Why session recording matters for AI coding agents
When every AI‑generated code snippet is captured, teams can review exactly what the model suggested, replay the interaction, and prove compliance. Session recording turns a fleeting chat into a durable evidence trail that can be inspected during audits, incident investigations, or peer reviews.
Current practice and its blind spots
Most organizations that embed ChatGPT into their development pipelines do so by calling Azure OpenAI directly from a CI job or a developer’s IDE. The call typically uses a shared subscription key or a service principal that is stored in a secret manager. Because the request travels straight to the Azure endpoint, there is no intermediate observer that can capture the request‑response exchange. The result is a workflow that looks convenient but leaves three critical gaps:
- There is no reliable record of what prompt was sent and what code was returned.
- Any accidental leakage of proprietary snippets or secrets in the model’s output cannot be detected or redacted.
- Because the credential is static and widely distributed, revoking a single user’s access does not stop the key from being used elsewhere.
These gaps become especially painful when a security review asks for proof that a particular piece of generated code was reviewed before it entered production, or when a regulator demands evidence that no sensitive data left the organization via an AI service.
Introducing hoop.dev as the enforcement point
To close the gap, the architecture must place a control plane directly in the data path between the AI client and Azure OpenAI. That control plane can inspect each request, apply policies, and store a complete transcript. hoop.dev is built exactly for that role. It acts as a Layer 7 gateway that proxies the HTTP traffic used by ChatGPT, while remaining agnostic to the underlying identity provider.
How hoop.dev enables session recording
When a developer or an automated CI job wants to invoke ChatGPT, it authenticates to hoop.dev using an OIDC token issued by the organization’s IdP. hoop.dev validates the token, extracts group membership, and then forwards the request to Azure OpenAI. While the request is in flight, hoop.dev records the full HTTP exchange – the prompt, the model’s response, and any metadata such as timestamps and user identifiers. After the interaction completes, hoop.dev stores the full transcript in a log that can be queried later for audit or replay.

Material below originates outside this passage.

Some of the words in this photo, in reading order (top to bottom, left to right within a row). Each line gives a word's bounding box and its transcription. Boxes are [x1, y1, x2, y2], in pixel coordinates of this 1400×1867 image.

Because hoop.dev sits in the data path, it can also apply inline masking to any response that contains patterns matching secret formats. This masking happens before the response reaches the client, ensuring that sensitive values never appear in developer consoles or CI logs.
All of these enforcement outcomes – the reliable transcript, the optional masking, and the ability to replay a session – exist only because hoop.dev is the gateway that intercepts the traffic. Without that gateway, the Azure OpenAI endpoint would never see a policy enforcement layer.
Common pitfalls to avoid
- Relying on client‑side logging. Storing prompts locally on a developer’s machine does not provide a reliable audit trail; logs can be altered or lost. The gateway ensures a single source of truth.

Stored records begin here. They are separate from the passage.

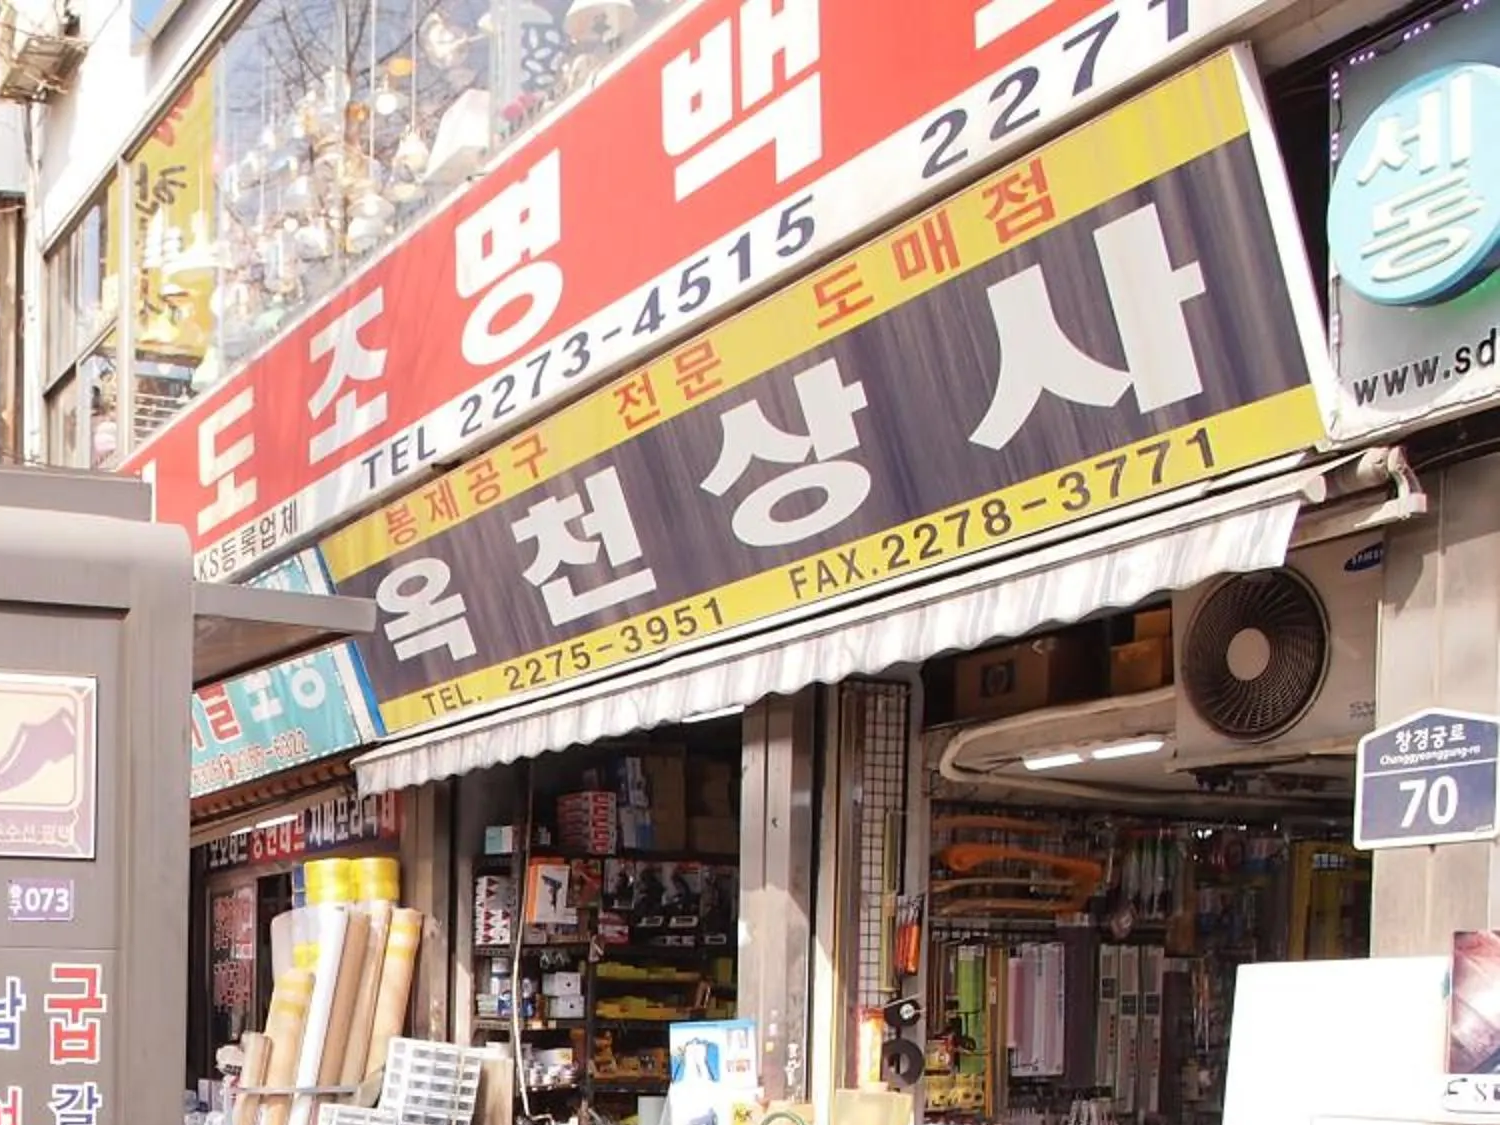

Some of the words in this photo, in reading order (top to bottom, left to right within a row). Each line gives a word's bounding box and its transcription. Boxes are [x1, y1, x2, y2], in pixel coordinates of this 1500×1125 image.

[362, 424, 438, 492] TEL
[459, 194, 817, 439] 2273-4515
[385, 436, 551, 546] 봉제공구
[614, 345, 725, 432] 전문
[814, 156, 1057, 330] 도매점
[503, 596, 726, 692] 2275-3951
[1395, 723, 1466, 753] 창경궁로
[1399, 775, 1459, 829] 70
[24, 886, 69, 913] 073

- Using a single static key for all agents. Distribute identity‑based OIDC tokens instead, and let hoop.dev enforce per‑user attribution.

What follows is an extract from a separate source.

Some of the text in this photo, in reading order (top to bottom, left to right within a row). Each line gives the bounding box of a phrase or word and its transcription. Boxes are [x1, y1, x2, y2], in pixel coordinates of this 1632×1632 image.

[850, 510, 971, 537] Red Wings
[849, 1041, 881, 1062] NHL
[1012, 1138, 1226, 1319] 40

- Skipping masking policies. Even with session recording, unmasked secrets in model output can leak. Configure hoop.dev’s masking rules to redact patterns that match API keys, passwords, or tokens.
Getting started
Deploy the hoop.dev gateway in the same Azure virtual network where your CI runners or developer workstations reside. The quick‑start guide walks you through a Docker Compose deployment, OIDC configuration, and registering Azure OpenAI as a proxied target. Once the gateway is running, update your client libraries or CI scripts to point at the hoop.dev endpoint instead of the Azure endpoint. Detailed steps are available in the getting‑started documentation and the learn section for deeper policy examples.
The source code and contribution guidelines are hosted on GitHub. You can explore the repository, raise issues, or submit pull requests at https://github.com/hoophq/hoop.
FAQ
Is session recording mandatory for compliance?
Compliance frameworks often require evidence of who accessed a system and what actions were taken. hoop.dev’s recorded sessions provide that evidence for AI‑driven code generation, making it easier to satisfy audit requirements.
Can I still use my existing Azure OpenAI subscription?
Yes. hoop.dev does not replace Azure OpenAI; it simply proxies the calls. Your existing subscription remains the source of model inference, while hoop.dev adds the audit and masking layer.
What happens if a user tries to bypass hoop.dev?
Because hoop.dev sits in the network path, any direct request to Azure OpenAI that does not pass through the gateway will be blocked by network policies. This ensures that all traffic is subject to session recording.